**ASSIGNMENT**
Please transcribe every record below exactly as it appears.

══ RECORDED DATA

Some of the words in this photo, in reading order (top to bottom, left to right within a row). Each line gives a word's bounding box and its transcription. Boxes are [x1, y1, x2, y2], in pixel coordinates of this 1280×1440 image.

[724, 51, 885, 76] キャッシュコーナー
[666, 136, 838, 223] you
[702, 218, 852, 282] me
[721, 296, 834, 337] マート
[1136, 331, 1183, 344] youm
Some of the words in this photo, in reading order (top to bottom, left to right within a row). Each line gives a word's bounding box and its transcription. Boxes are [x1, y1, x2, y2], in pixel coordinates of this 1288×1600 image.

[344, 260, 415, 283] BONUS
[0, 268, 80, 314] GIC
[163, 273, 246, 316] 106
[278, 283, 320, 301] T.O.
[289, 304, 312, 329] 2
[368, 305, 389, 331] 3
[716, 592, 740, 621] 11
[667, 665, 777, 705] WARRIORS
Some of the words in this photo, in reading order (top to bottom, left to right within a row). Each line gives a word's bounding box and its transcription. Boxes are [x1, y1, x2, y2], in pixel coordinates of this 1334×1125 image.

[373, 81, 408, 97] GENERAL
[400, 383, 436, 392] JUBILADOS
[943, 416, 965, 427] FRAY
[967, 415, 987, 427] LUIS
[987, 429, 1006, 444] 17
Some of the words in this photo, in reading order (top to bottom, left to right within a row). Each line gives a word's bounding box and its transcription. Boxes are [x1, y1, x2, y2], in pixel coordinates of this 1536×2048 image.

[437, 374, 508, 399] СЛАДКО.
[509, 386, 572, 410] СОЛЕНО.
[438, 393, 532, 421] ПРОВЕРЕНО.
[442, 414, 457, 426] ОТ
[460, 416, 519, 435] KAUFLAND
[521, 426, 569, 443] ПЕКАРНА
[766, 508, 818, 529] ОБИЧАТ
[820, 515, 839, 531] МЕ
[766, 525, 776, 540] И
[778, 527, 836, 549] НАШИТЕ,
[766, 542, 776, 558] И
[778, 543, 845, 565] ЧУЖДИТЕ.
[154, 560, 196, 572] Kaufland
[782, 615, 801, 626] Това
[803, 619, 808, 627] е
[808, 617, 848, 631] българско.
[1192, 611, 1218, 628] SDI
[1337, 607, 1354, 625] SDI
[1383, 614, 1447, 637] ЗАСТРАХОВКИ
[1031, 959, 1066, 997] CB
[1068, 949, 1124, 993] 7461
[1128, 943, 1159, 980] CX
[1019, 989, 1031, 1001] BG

════

**EXPECTED ANSWER**
Some of the words in this photo, in reading order (top to bottom, left to right within a row). Each line gives a word's bounding box and its transcription. Boxes are [x1, y1, x2, y2], in pixel coordinates of this 1280×1440 image.

[724, 51, 885, 76] キャッシュコーナー
[666, 136, 838, 223] you
[702, 218, 852, 282] me
[721, 296, 834, 337] マート
[1136, 331, 1183, 344] youm
Some of the words in this photo, in reading order (top to bottom, left to right within a row). Each line gives a word's bounding box and its transcription. Boxes are [x1, y1, x2, y2], in pixel coordinates of this 1288×1600 image.

[344, 260, 415, 283] BONUS
[0, 268, 80, 314] GIC
[163, 273, 246, 316] 106
[278, 283, 320, 301] T.O.
[289, 304, 312, 329] 2
[368, 305, 389, 331] 3
[716, 592, 740, 621] 11
[667, 665, 777, 705] WARRIORS
Some of the words in this photo, in reading order (top to bottom, left to right within a row). Each line gives a word's bounding box and its transcription. Boxes are [x1, y1, x2, y2], in pixel coordinates of this 1334×1125 image.

[373, 81, 408, 97] GENERAL
[400, 383, 436, 392] JUBILADOS
[943, 416, 965, 427] FRAY
[967, 415, 987, 427] LUIS
[987, 429, 1006, 444] 17
Some of the words in this photo, in reading order (top to bottom, left to right within a row). Each line gives a word's bounding box and its transcription. Boxes are [x1, y1, x2, y2], in pixel coordinates of this 1536×2048 image.

[437, 374, 508, 399] СЛАДКО.
[509, 386, 572, 410] СОЛЕНО.
[438, 393, 532, 421] ПРОВЕРЕНО.
[442, 414, 457, 426] ОТ
[460, 416, 519, 435] KAUFLAND
[521, 426, 569, 443] ПЕКАРНА
[766, 508, 818, 529] ОБИЧАТ
[820, 515, 839, 531] МЕ
[766, 525, 776, 540] И
[778, 527, 836, 549] НАШИТЕ,
[766, 542, 776, 558] И
[778, 543, 845, 565] ЧУЖДИТЕ.
[154, 560, 196, 572] Kaufland
[782, 615, 801, 626] Това
[803, 619, 808, 627] е
[808, 617, 848, 631] българско.
[1192, 611, 1218, 628] SDI
[1337, 607, 1354, 625] SDI
[1383, 614, 1447, 637] ЗАСТРАХОВКИ
[1031, 959, 1066, 997] CB
[1068, 949, 1124, 993] 7461
[1128, 943, 1159, 980] CX
[1019, 989, 1031, 1001] BG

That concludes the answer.